- _PROBLEM DESCRIPTION_:
Each line from the one containing "this 1525×1650 image." through the final line of the records is to be repeated exactly, with no additions.

- _SUPPLIED MATERIAL_:
--*--

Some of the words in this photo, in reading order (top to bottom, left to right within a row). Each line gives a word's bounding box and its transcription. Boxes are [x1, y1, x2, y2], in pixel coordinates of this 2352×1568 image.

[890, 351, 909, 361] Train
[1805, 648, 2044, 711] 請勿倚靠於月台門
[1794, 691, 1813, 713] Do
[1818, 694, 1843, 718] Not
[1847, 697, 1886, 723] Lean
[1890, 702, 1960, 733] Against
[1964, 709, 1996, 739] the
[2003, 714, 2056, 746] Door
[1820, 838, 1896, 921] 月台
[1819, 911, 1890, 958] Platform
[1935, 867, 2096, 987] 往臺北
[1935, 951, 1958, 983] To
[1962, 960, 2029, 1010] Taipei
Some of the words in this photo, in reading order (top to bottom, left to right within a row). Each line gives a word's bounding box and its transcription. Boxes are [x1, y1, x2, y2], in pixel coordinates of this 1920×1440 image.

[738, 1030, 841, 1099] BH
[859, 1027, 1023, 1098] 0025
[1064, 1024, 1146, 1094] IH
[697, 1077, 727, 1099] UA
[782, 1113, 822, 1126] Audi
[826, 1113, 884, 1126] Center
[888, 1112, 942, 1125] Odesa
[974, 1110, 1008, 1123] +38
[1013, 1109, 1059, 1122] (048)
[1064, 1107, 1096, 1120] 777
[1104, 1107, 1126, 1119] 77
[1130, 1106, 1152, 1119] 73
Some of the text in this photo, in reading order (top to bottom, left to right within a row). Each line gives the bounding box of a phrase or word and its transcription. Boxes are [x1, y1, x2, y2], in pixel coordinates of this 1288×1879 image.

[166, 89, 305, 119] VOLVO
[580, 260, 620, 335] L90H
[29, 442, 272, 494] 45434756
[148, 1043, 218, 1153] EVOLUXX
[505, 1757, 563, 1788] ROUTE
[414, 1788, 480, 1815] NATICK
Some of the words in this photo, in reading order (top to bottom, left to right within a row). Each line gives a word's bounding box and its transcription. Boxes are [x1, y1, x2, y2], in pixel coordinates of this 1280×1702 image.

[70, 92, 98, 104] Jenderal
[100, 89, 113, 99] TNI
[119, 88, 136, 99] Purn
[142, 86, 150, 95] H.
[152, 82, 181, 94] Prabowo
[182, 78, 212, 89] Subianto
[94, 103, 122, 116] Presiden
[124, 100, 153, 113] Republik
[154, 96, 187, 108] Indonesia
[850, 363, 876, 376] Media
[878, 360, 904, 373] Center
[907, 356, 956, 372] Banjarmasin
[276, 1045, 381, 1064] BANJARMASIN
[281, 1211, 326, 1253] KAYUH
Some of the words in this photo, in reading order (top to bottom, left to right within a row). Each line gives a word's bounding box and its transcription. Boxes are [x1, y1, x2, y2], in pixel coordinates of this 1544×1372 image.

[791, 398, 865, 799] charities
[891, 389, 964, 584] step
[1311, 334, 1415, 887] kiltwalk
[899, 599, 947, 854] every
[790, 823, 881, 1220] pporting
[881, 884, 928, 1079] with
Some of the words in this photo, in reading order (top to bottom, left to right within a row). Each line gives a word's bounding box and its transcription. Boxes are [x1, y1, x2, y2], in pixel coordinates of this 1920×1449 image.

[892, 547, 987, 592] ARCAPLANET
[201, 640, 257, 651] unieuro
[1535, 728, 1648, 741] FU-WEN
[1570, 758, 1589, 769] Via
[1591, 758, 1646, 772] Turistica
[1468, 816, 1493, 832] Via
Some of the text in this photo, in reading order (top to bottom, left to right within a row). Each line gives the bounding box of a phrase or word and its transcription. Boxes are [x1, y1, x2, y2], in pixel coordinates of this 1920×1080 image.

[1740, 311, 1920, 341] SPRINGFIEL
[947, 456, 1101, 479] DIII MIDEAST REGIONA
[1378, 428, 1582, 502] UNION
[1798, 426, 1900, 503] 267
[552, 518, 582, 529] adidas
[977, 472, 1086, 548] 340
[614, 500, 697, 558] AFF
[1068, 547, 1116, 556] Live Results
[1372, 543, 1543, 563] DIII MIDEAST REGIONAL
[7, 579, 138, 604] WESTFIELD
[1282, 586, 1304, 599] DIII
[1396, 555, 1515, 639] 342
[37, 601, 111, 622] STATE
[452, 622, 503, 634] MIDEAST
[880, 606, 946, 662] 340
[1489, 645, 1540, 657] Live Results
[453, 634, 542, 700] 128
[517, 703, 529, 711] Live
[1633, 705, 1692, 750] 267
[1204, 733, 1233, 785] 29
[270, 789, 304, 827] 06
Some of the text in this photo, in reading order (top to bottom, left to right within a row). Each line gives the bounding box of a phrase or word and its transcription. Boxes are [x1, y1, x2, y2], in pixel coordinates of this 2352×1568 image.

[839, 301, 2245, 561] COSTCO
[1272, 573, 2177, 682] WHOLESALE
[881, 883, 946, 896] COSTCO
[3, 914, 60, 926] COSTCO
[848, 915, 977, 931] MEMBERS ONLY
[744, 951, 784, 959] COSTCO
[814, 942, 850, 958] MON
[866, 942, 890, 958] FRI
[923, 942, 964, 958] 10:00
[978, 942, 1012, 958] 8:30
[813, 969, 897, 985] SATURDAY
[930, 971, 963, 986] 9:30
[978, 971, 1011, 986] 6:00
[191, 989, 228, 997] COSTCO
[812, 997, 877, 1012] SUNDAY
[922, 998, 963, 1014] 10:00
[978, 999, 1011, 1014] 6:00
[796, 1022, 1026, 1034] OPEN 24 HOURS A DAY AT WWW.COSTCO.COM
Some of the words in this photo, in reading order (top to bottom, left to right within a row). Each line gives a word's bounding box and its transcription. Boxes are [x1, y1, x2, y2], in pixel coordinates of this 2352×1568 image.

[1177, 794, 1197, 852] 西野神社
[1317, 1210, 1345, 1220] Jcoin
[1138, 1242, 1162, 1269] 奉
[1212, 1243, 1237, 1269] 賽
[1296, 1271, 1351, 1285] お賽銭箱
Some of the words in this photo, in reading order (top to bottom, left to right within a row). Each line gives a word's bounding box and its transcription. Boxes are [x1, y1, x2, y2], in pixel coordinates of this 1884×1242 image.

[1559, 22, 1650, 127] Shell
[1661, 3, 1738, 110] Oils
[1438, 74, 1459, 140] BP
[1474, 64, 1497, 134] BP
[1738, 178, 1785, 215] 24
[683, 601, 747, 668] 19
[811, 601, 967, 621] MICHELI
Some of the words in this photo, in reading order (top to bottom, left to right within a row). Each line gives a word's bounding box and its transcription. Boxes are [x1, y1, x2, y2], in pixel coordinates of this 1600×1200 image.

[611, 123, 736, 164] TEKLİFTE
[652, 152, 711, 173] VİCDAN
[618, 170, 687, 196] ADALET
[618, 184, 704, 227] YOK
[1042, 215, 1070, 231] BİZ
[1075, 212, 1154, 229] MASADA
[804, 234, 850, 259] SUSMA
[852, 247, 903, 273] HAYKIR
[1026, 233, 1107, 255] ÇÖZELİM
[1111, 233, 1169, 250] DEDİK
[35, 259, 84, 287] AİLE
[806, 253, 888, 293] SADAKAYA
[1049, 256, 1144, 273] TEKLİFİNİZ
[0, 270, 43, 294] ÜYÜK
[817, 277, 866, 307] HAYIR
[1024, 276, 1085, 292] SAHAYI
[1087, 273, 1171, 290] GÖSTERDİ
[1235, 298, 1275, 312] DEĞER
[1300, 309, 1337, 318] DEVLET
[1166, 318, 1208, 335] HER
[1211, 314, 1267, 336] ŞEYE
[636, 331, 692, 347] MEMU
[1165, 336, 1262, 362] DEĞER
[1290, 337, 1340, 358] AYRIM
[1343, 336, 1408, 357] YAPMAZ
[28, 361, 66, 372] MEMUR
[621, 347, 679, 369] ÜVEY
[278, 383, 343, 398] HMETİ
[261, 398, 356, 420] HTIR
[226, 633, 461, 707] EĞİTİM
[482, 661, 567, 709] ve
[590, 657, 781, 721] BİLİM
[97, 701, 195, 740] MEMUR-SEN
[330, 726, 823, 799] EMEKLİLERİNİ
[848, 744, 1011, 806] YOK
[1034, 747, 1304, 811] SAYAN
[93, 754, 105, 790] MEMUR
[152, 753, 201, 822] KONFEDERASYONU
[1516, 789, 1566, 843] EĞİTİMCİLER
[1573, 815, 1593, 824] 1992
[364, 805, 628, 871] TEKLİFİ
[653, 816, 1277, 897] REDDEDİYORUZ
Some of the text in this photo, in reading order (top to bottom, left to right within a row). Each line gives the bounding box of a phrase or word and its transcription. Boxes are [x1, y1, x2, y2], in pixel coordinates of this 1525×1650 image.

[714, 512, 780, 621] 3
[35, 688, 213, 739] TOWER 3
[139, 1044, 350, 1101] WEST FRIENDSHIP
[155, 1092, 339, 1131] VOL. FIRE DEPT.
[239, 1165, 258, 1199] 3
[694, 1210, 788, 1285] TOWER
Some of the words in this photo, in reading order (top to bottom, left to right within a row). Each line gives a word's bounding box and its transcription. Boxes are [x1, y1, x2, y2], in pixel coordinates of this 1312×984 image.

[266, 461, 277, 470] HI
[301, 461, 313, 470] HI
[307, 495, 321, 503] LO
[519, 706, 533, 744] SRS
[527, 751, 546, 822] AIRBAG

--*--

- _RESULT_:
Some of the text in this photo, in reading order (top to bottom, left to right within a row). Each line gives the bounding box of a phrase or word and its transcription. Boxes are [x1, y1, x2, y2], in pixel coordinates of this 1525×1650 image.

[714, 512, 780, 621] 3
[35, 688, 213, 739] TOWER 3
[139, 1044, 350, 1101] WEST FRIENDSHIP
[155, 1092, 339, 1131] VOL. FIRE DEPT.
[239, 1165, 258, 1199] 3
[694, 1210, 788, 1285] TOWER
Some of the words in this photo, in reading order (top to bottom, left to right within a row). Each line gives a word's bounding box and its transcription. Boxes are [x1, y1, x2, y2], in pixel coordinates of this 1312×984 image.

[266, 461, 277, 470] HI
[301, 461, 313, 470] HI
[307, 495, 321, 503] LO
[519, 706, 533, 744] SRS
[527, 751, 546, 822] AIRBAG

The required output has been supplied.